_Work to be completed_: Could each entry be returned exactly as it appears?

_Given data_:
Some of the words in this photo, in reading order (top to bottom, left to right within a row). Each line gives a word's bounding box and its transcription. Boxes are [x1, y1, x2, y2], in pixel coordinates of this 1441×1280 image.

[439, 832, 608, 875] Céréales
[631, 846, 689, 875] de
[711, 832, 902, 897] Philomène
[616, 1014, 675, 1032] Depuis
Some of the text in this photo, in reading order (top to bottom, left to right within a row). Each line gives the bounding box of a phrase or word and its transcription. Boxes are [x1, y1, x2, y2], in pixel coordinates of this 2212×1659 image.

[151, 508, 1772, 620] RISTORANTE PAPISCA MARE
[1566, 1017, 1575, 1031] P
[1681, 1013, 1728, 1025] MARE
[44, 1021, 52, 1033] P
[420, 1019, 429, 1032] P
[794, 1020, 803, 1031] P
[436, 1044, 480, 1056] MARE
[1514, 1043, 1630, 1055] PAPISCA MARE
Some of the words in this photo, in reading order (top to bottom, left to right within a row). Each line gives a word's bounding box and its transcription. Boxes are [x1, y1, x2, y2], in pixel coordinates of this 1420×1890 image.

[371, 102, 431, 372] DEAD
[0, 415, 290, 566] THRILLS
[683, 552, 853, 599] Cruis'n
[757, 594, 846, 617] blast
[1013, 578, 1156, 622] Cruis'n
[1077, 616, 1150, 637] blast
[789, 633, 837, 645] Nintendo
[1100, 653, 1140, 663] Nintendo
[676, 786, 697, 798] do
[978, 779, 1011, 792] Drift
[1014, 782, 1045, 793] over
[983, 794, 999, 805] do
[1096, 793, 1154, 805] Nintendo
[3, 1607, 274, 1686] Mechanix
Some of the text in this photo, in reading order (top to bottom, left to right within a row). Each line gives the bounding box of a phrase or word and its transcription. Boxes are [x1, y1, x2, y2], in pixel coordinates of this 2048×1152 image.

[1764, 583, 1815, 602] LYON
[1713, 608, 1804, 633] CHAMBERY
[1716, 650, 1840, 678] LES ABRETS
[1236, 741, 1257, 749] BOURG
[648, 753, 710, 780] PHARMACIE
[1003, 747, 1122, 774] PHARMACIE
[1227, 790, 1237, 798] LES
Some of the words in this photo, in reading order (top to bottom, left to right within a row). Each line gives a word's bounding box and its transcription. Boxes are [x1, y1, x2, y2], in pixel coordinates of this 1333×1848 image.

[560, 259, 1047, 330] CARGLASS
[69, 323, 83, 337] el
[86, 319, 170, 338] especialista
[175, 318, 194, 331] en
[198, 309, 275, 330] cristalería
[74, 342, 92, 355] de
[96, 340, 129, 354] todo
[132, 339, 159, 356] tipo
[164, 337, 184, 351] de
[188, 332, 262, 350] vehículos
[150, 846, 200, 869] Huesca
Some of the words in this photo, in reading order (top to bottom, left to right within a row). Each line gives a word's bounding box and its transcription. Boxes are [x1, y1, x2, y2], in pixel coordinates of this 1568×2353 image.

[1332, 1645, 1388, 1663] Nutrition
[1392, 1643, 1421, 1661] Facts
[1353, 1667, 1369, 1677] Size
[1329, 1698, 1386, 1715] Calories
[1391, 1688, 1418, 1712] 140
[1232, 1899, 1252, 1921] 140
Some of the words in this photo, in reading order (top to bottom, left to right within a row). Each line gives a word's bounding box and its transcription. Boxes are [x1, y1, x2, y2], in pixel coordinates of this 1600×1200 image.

_Exercise output_:
Some of the words in this photo, in reading order (top to bottom, left to right within a row). Each line gives a word's bounding box and its transcription. Boxes are [x1, y1, x2, y2], in pixel coordinates of this 1441×1280 image.

[439, 832, 608, 875] Céréales
[631, 846, 689, 875] de
[711, 832, 902, 897] Philomène
[616, 1014, 675, 1032] Depuis
Some of the text in this photo, in reading order (top to bottom, left to right within a row). Each line gives the bounding box of a phrase or word and its transcription. Boxes are [x1, y1, x2, y2], in pixel coordinates of this 2212×1659 image.

[151, 508, 1772, 620] RISTORANTE PAPISCA MARE
[1566, 1017, 1575, 1031] P
[1681, 1013, 1728, 1025] MARE
[44, 1021, 52, 1033] P
[420, 1019, 429, 1032] P
[794, 1020, 803, 1031] P
[436, 1044, 480, 1056] MARE
[1514, 1043, 1630, 1055] PAPISCA MARE
Some of the words in this photo, in reading order (top to bottom, left to right within a row). Each line gives a word's bounding box and its transcription. Boxes are [x1, y1, x2, y2], in pixel coordinates of this 1420×1890 image.

[371, 102, 431, 372] DEAD
[0, 415, 290, 566] THRILLS
[683, 552, 853, 599] Cruis'n
[757, 594, 846, 617] blast
[1013, 578, 1156, 622] Cruis'n
[1077, 616, 1150, 637] blast
[789, 633, 837, 645] Nintendo
[1100, 653, 1140, 663] Nintendo
[676, 786, 697, 798] do
[978, 779, 1011, 792] Drift
[1014, 782, 1045, 793] over
[983, 794, 999, 805] do
[1096, 793, 1154, 805] Nintendo
[3, 1607, 274, 1686] Mechanix
Some of the text in this photo, in reading order (top to bottom, left to right within a row). Each line gives the bounding box of a phrase or word and its transcription. Boxes are [x1, y1, x2, y2], in pixel coordinates of this 2048×1152 image.

[1764, 583, 1815, 602] LYON
[1713, 608, 1804, 633] CHAMBERY
[1716, 650, 1840, 678] LES ABRETS
[1236, 741, 1257, 749] BOURG
[648, 753, 710, 780] PHARMACIE
[1003, 747, 1122, 774] PHARMACIE
[1227, 790, 1237, 798] LES
Some of the words in this photo, in reading order (top to bottom, left to right within a row). Each line gives a word's bounding box and its transcription. Boxes are [x1, y1, x2, y2], in pixel coordinates of this 1333×1848 image.

[560, 259, 1047, 330] CARGLASS
[69, 323, 83, 337] el
[86, 319, 170, 338] especialista
[175, 318, 194, 331] en
[198, 309, 275, 330] cristalería
[74, 342, 92, 355] de
[96, 340, 129, 354] todo
[132, 339, 159, 356] tipo
[164, 337, 184, 351] de
[188, 332, 262, 350] vehículos
[150, 846, 200, 869] Huesca
Some of the words in this photo, in reading order (top to bottom, left to right within a row). Each line gives a word's bounding box and its transcription. Boxes are [x1, y1, x2, y2], in pixel coordinates of this 1568×2353 image.

[1332, 1645, 1388, 1663] Nutrition
[1392, 1643, 1421, 1661] Facts
[1353, 1667, 1369, 1677] Size
[1329, 1698, 1386, 1715] Calories
[1391, 1688, 1418, 1712] 140
[1232, 1899, 1252, 1921] 140
Some of the words in this photo, in reading order (top to bottom, left to right within a row). Each line gives a word's bounding box and its transcription. Boxes are [x1, y1, x2, y2], in pixel coordinates of this 1600×1200 image.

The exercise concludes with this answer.